A sticky inflation print could throw a lifeline to dollar bulls, propelling back above 101.50 with 102.34 acting as a key level of interest.
SPX500_m
After being trapped within a range for the past few weeks, could a breakout be on the horizon for the SPX500_m?

If the inflation numbers beat expectations, this may trigger a bearish breakout on the SPX500_m – taking prices below the 4050-support level.
Should the inflation numbers come in lower than market forecasts, SPX500_m bulls could be injected with renewed confidence as expectations intensify over the Fed ending its rate cycle. This could send the index back toward the 4180 resistance level and beyond.
Gold
It may be wise to fasten your seatbelts for potential volatility on gold due to its high sensitivity to inflation data and US interest rate expectations.
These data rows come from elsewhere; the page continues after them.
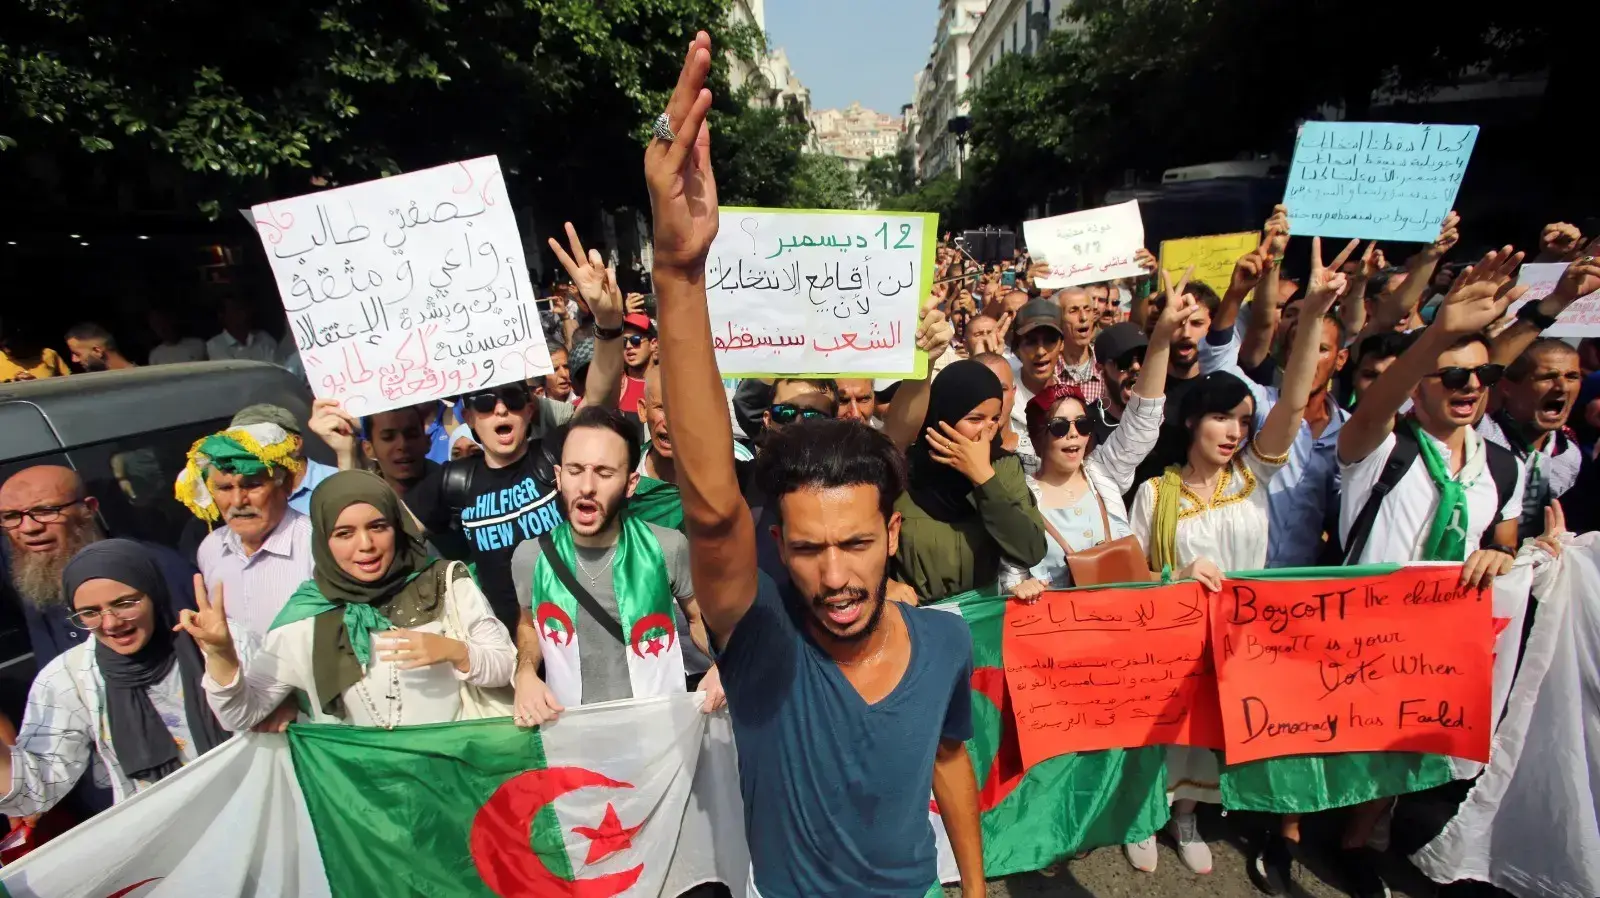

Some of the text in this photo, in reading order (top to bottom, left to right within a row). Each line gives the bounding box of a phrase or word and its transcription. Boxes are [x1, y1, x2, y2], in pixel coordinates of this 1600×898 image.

[274, 200, 371, 265] طالب
[765, 232, 868, 260] ديسمبر
[874, 221, 915, 250] 12
[805, 255, 872, 306] أقاطع
[877, 261, 914, 297] لن
[475, 521, 515, 552] NEW
[517, 500, 564, 541] YORK
[1223, 633, 1235, 661] A
[1325, 637, 1341, 651] is
[1345, 631, 1406, 658] your
[1317, 657, 1384, 693] Vote
[1239, 696, 1339, 744] Democracy
[1349, 702, 1385, 728] has
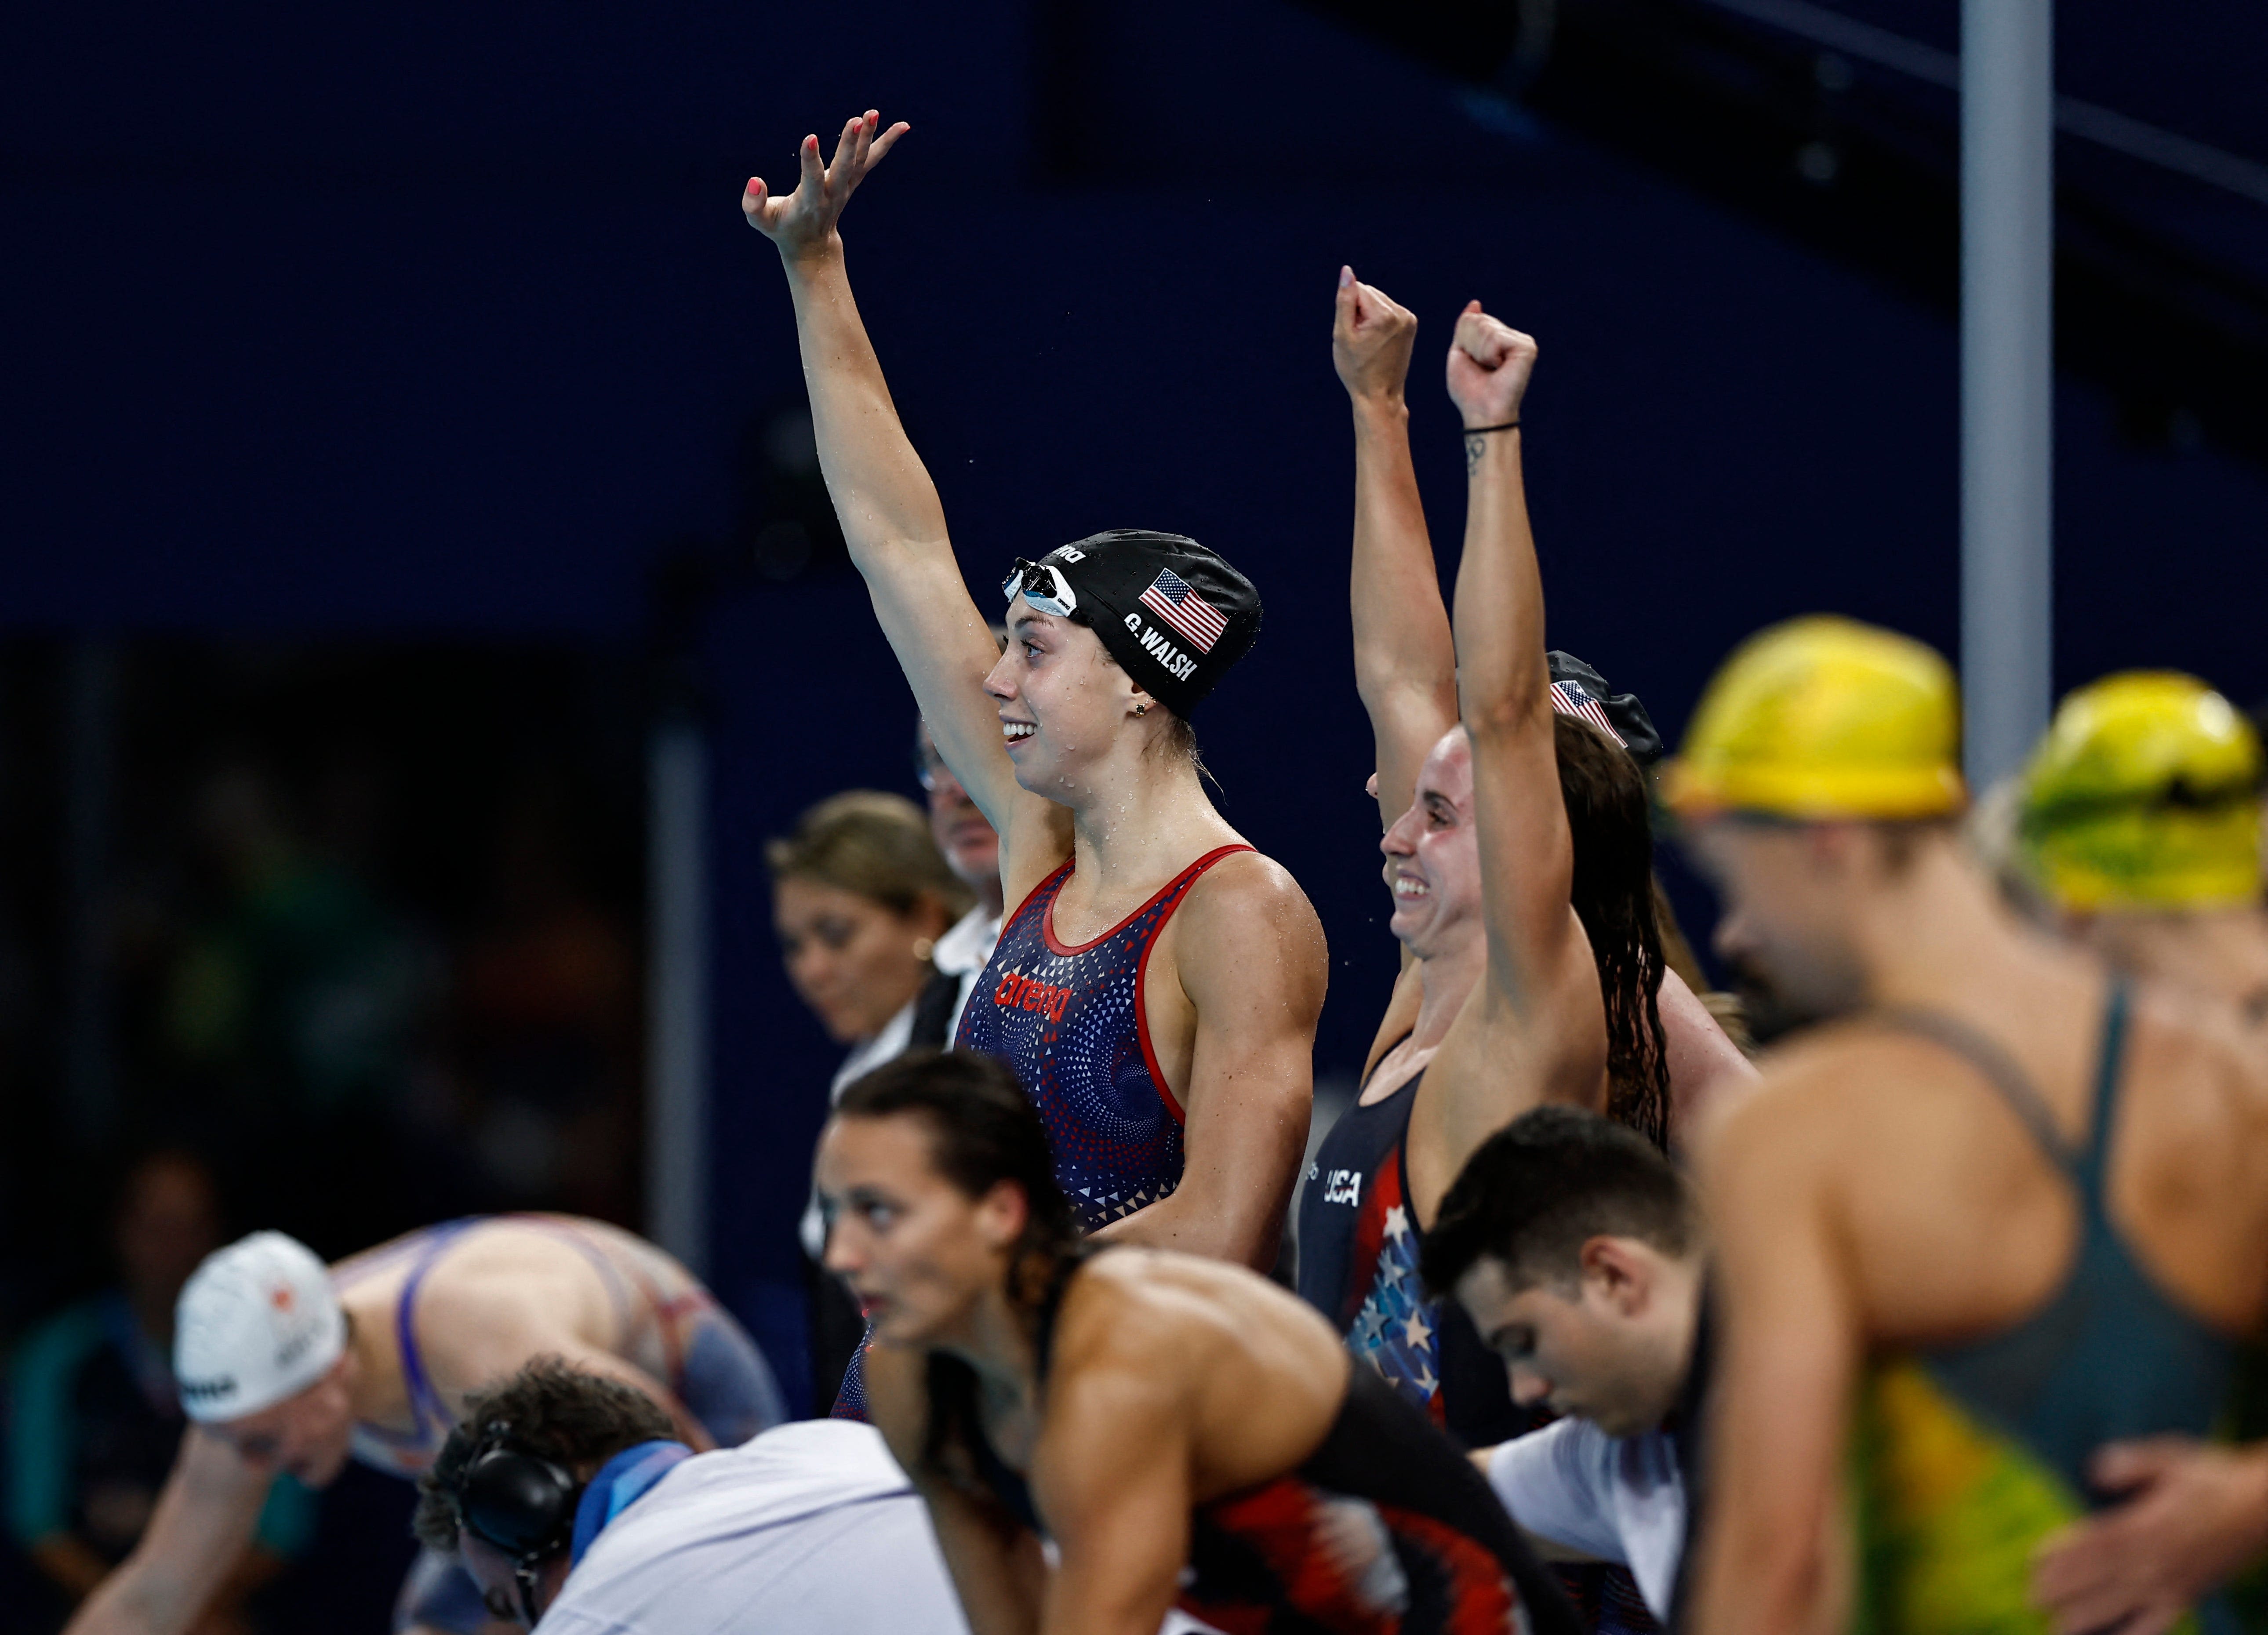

The precious metal remains bullish on the daily charts despite prices pulling back from near-record highs.

A soft inflation report could sweeten appetite for the zero-yielding asset as bets rise over the Fed cutting rates in 2023. This development could push the metal back towards the 2023 high of $2063 with bulls eyeing $2070 and the all-time high at $2075.
A stronger-than-expected inflation number could drag gold prices back toward the psychological $2000 level.